Paula's Farewell '80s Party - Rasa, Niina, Zanda, Florian, Maria and Freddie Mercury
Paula’s Farewell ’80s Party – Rasa, Niina, Zanda, Florian, Maria and Freddie

What I’ll be doing soon:

  • weekly English classes/activities for refugee children and teens from Syria;
  • tandem(!!!) – actually I think I already found a Bulgarian guy who wants to learn Greek – perfect;
  • filling out my 100 Obekta passport – I’ll write something about that soon;
  • finding ways to make living together with three (usually more!) people sustainable in the long medium run;
  • making that library-centred Tandem website;
  • making some more qbdp episodes – it’s time;
  • spending lot of time outside – the good part of climate change, or just call it spring;
  • visiting more of the surrounding countries, including more places in Bulgaria – good thing we have lots of volunteers to host us all over;
  • that includes Greece, and I hope I’ll get at least some of the volunteers to join me!
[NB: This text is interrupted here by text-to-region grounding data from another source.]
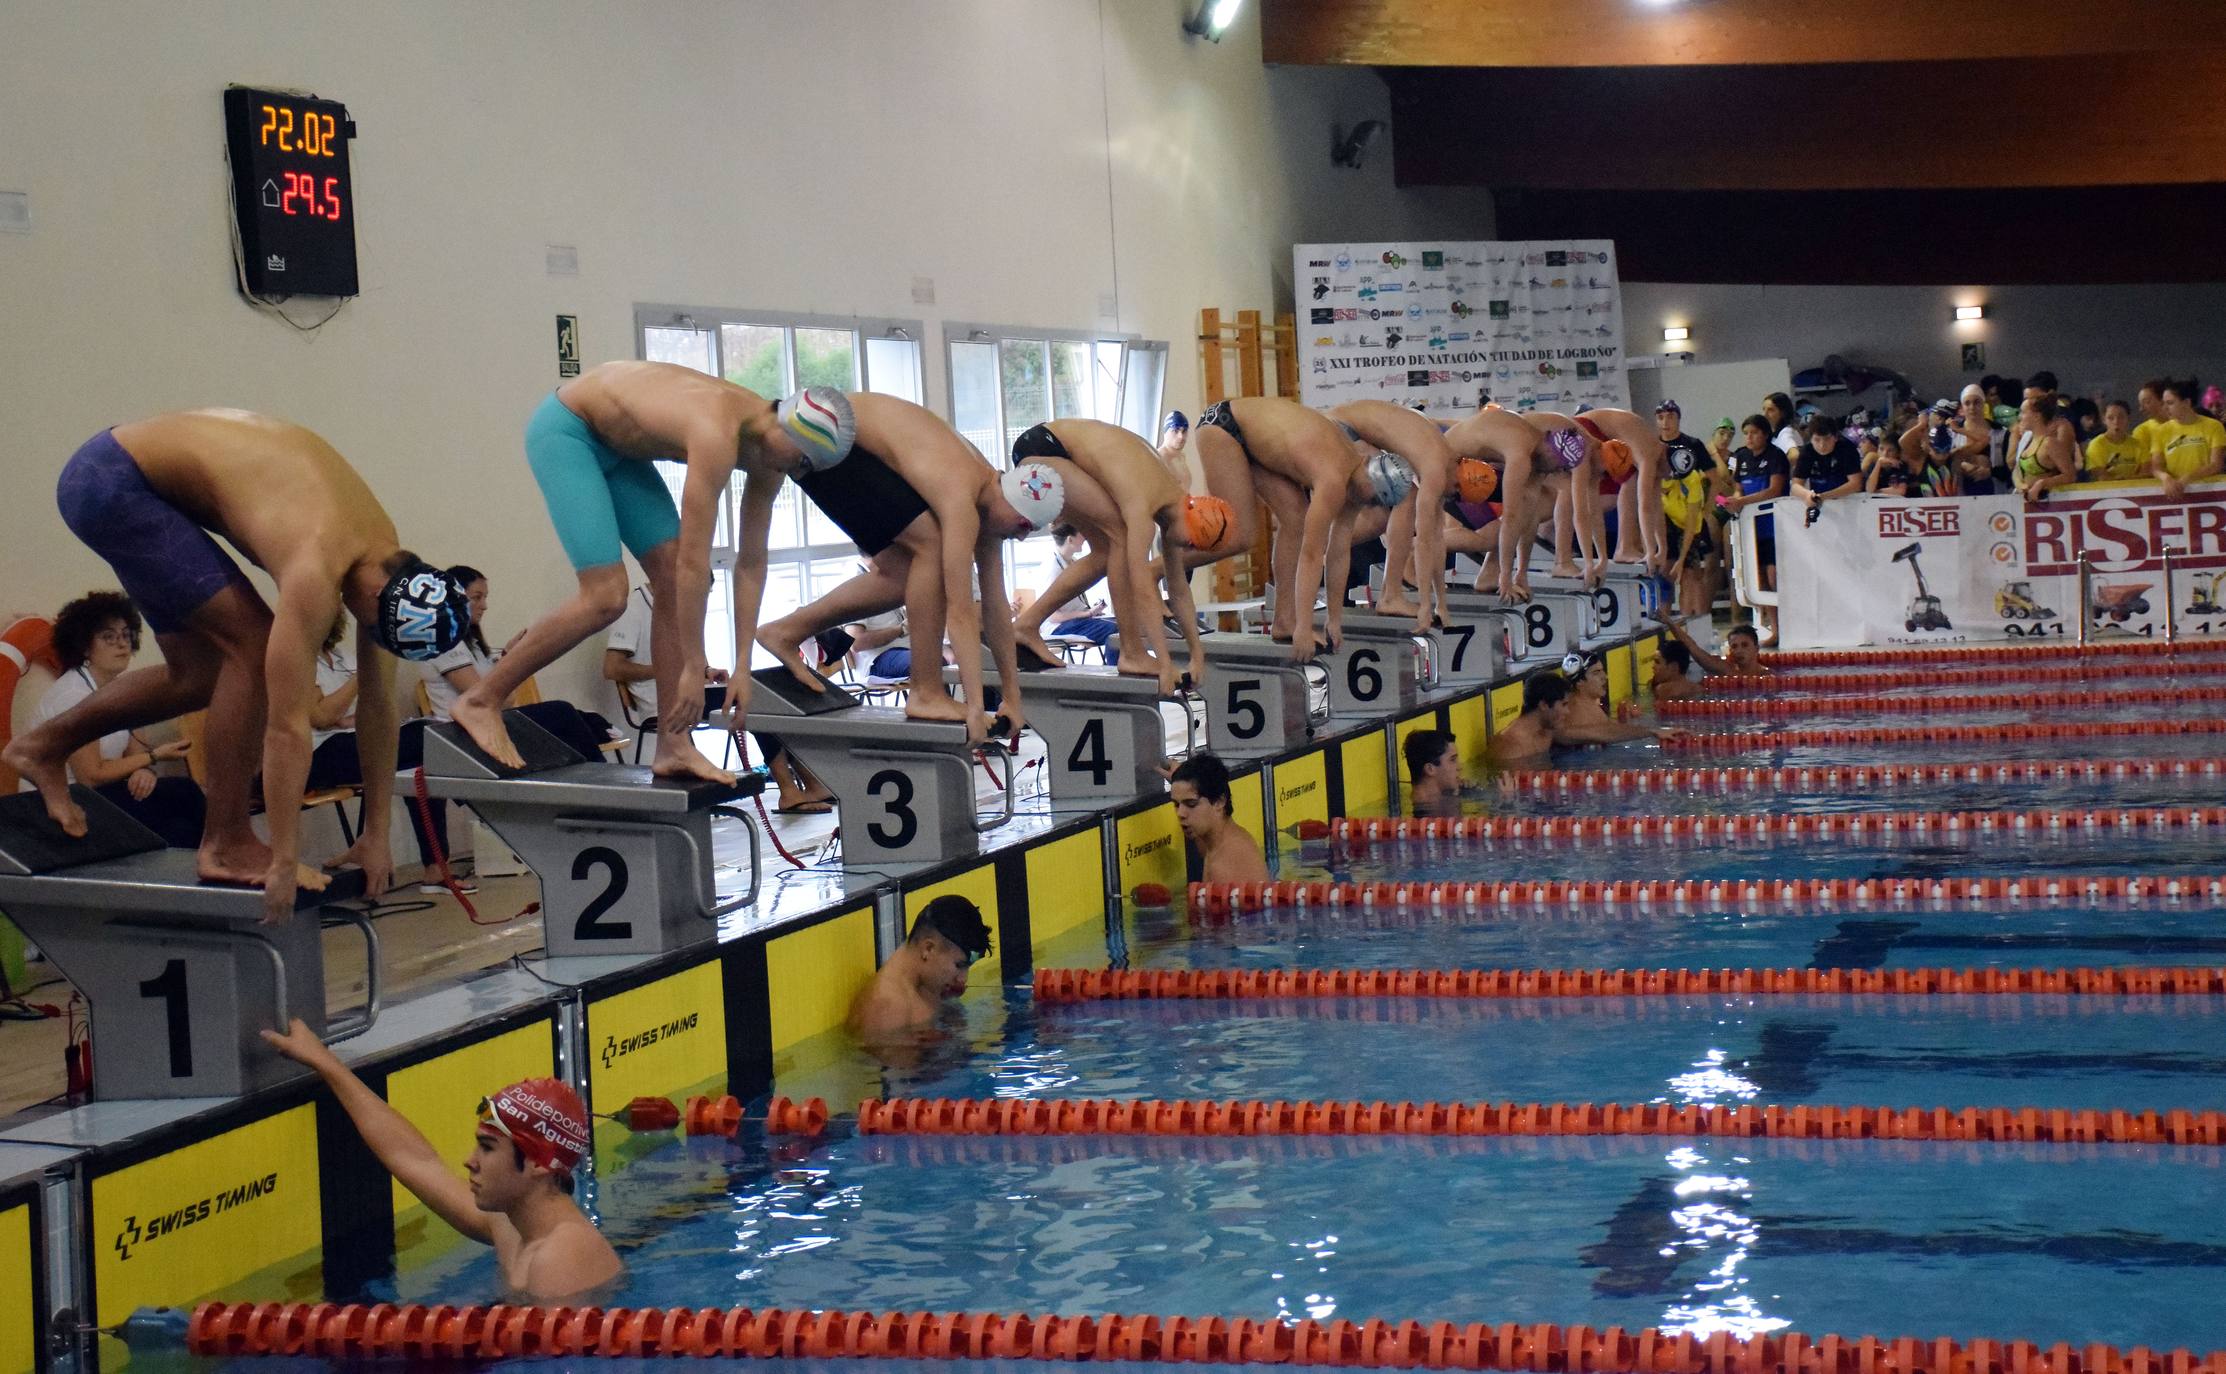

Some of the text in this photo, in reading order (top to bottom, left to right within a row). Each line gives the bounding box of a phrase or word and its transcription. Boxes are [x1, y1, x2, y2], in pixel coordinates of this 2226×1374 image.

[282, 172, 341, 220] 29.5
[1330, 357, 1351, 369] XXI
[1353, 355, 1406, 368] TROFEO
[1408, 354, 1425, 365] DE
[1428, 350, 1487, 364] NATACIÓN
[1538, 349, 1554, 360] DE
[1879, 510, 1960, 534] RISER
[2025, 506, 2226, 563] RISER
[1525, 605, 1553, 648] 8
[1592, 588, 1618, 627] 9
[1443, 625, 1476, 672] 7
[1347, 649, 1383, 701] 6
[1227, 680, 1266, 739] 5
[1068, 719, 1113, 785] 4
[866, 769, 918, 849] 3
[570, 846, 633, 940] 2
[139, 958, 193, 1078] 1
[618, 1012, 698, 1057] SWISS TIMING
[497, 1097, 530, 1123] San
[144, 1173, 278, 1242] SWISS TIMING
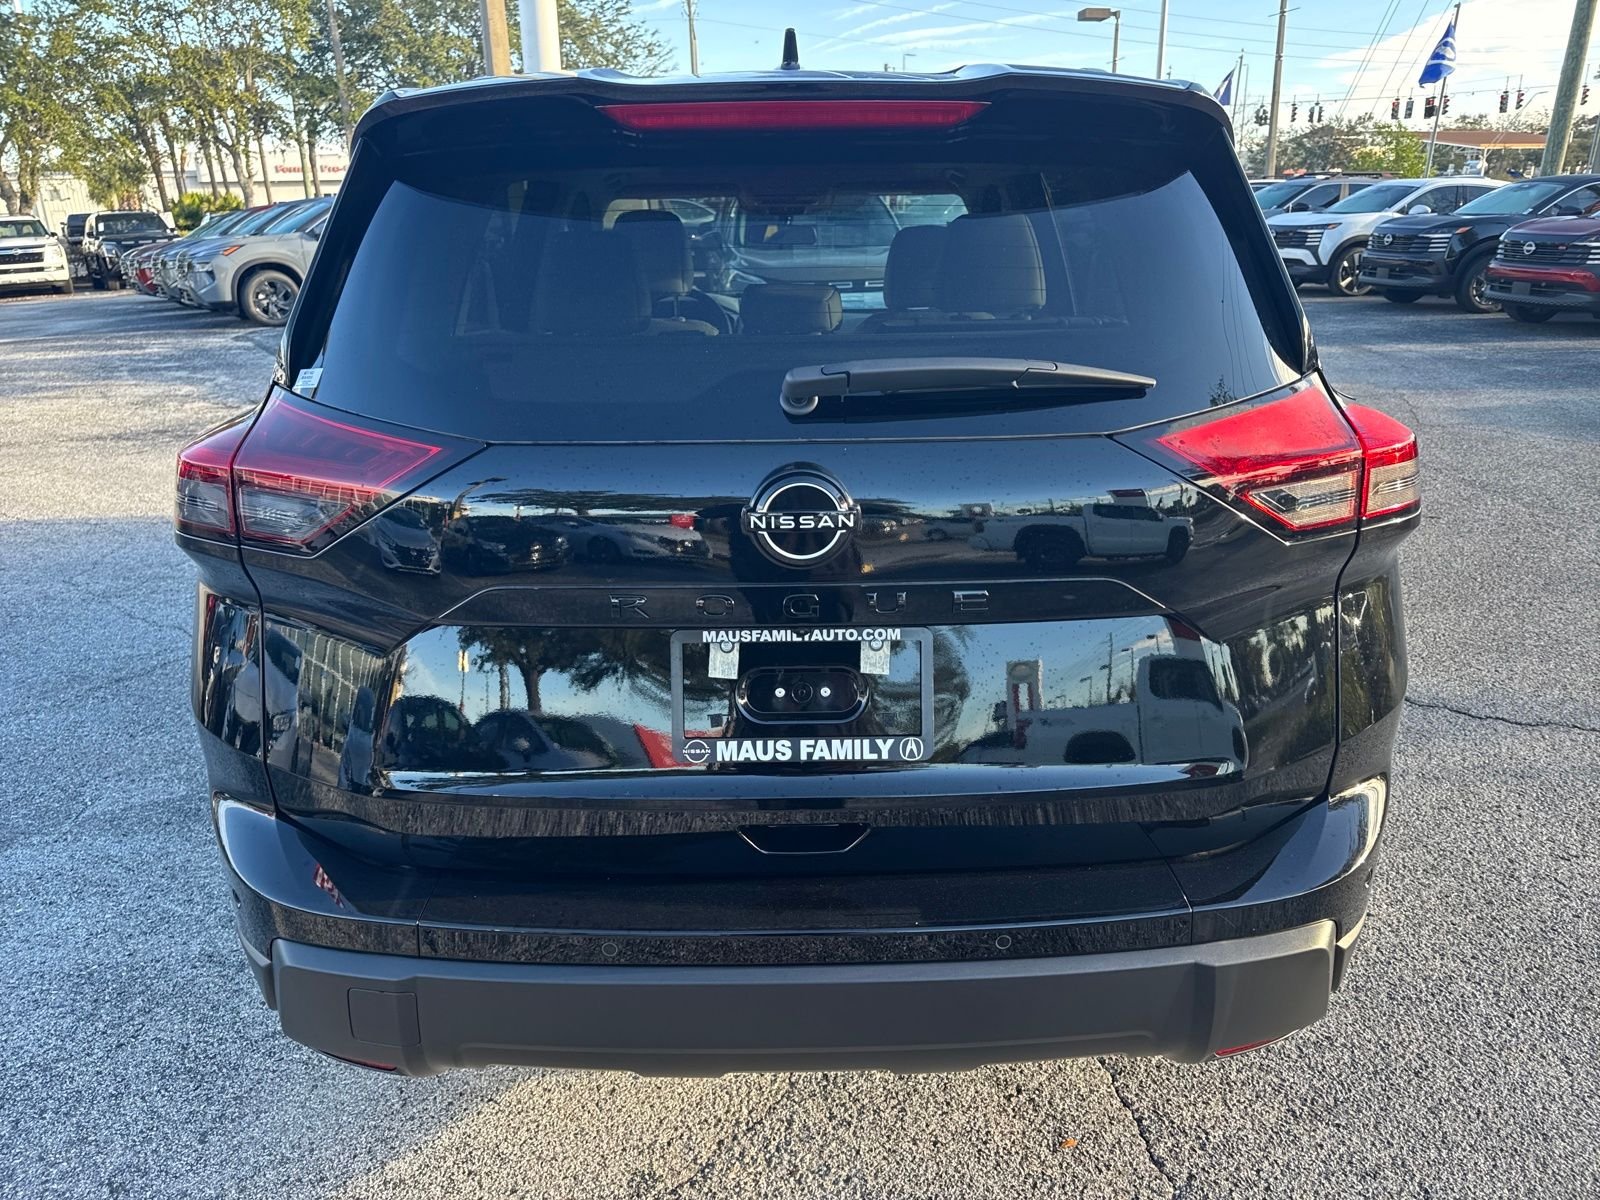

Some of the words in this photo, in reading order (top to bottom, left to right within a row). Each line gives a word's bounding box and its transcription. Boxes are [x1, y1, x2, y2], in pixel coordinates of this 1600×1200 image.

This post is well overdue but at the same time I feel like I’m missing something crucial. Ah well, let’s post it anyway.

Spanish Reading Room in Sofia City Library, complete with siesta-ing Spaniard. Will this be what our remaining six months will look like? The answer depends more or less on our initiative; such is the nature of the EVS project...
Spanish Reading Room in Sofia City Library, complete with siesta-ing Spaniard. Will this be what our remaining six months will look like? The answer depends more or less on our initiative; such is the nature of the EVS project…

EVS in Sofia City Library: The Quest for the Seven Lakes

Repost from EVS at Sofia City Library Blog, originally posted on 25/3/’14.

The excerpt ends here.